Attached is my complete input .html. Using a small section of it I am running the below awk to capture a specific path (which works great... thank you to all I am also trying to capture Aligned Reads, Alignments, and Sample Name as in the desired output.
I put the -- in each line of the desired output to show where the data is coming from but the -- does not exist in the input.

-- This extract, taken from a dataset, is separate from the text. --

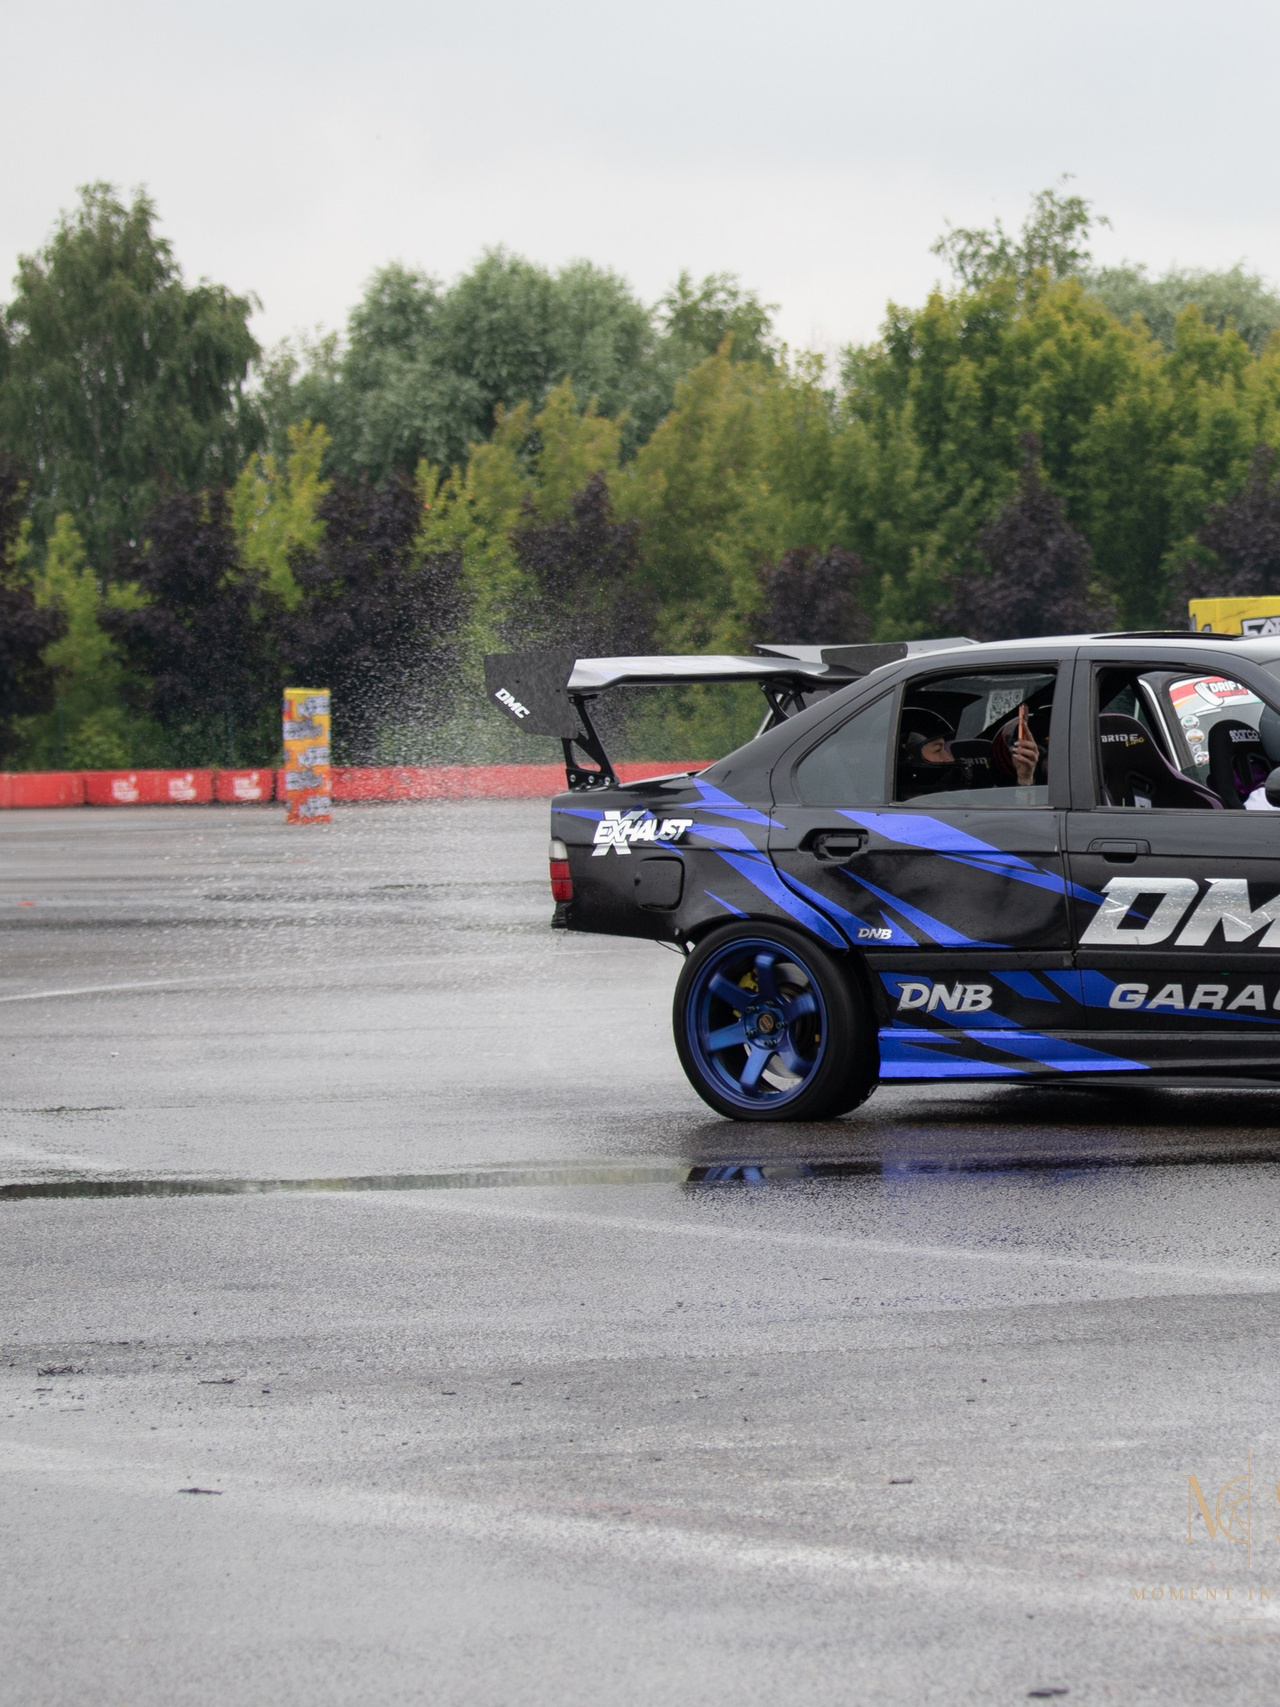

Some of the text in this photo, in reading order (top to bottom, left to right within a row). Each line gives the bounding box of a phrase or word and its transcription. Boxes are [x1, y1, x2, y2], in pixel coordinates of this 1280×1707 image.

[495, 688, 530, 718] DMC
[858, 928, 892, 940] DNB
[897, 981, 993, 1013] DNB

I thought that the awk below would work and added comments of what I though was going to happen at each step, but after it runs only the path results in the output.
input
Code:
{"meta": {"limit": 20, "next": ...truncated...
awk
Code:
awk -F"[]\":{}, ]*" ' # field separator to split and allow for whitespace in name
{for(i = 2; i < NF - 3; i++ # begin for loop and capture desired and read into $i
if($i == "path" && # capture path
$(i + 2) == "plugin" && # capture path
$(i + 3) == "/rundb/api/v1/plugin/49/") print $(i + 1) # capture specific path
if ($i =="Aligned Reads") print $(i+1) # capture Aligned Reads and print string after
if ($i =="Alignments") print $(i+1) RS # capture Alignments and print string afte, and newline for each
if ($i =="Sample Name") print $(i+1) RS # capture Sample Name and print string after, add newline for each
} # end loop
' file > output
/results/analysis/output/Home/Auto_user_S5-00580-4-Medexome_65_028/plugin_out/FileExporter_out.52 -- path from index.html
R_2016_09_01_10_24_52_user_S5-00580-4-Medexome -- Aligned Reads from index.html
IonXpress_004_R_2016_09_01_10_24_52_user_S5-00580-4-Medexome_Auto_user_S5-00580-4-Medexome_65 --Aligments from index.html
MEV42 -- Sample Name from index.html
IonXpress_005_R_2016_09_01_10_24_52_user_S5-00580-4-Medexome_Auto_user_S5-00580-4-Medexome_65 -- Alignments from index.html
MEV43 -- Sample Name from index.html
IonXpress_006_R_2016_09_01_10_24_52_user_S5-00580-4-Medexome_Auto_user_S5-00580-4-Medexome_65 -- Alignments from index.html
MEV44 -- Sample Name from index.html
@Don Cragun what does the line {for(i = 2; i < NF - 3; i++?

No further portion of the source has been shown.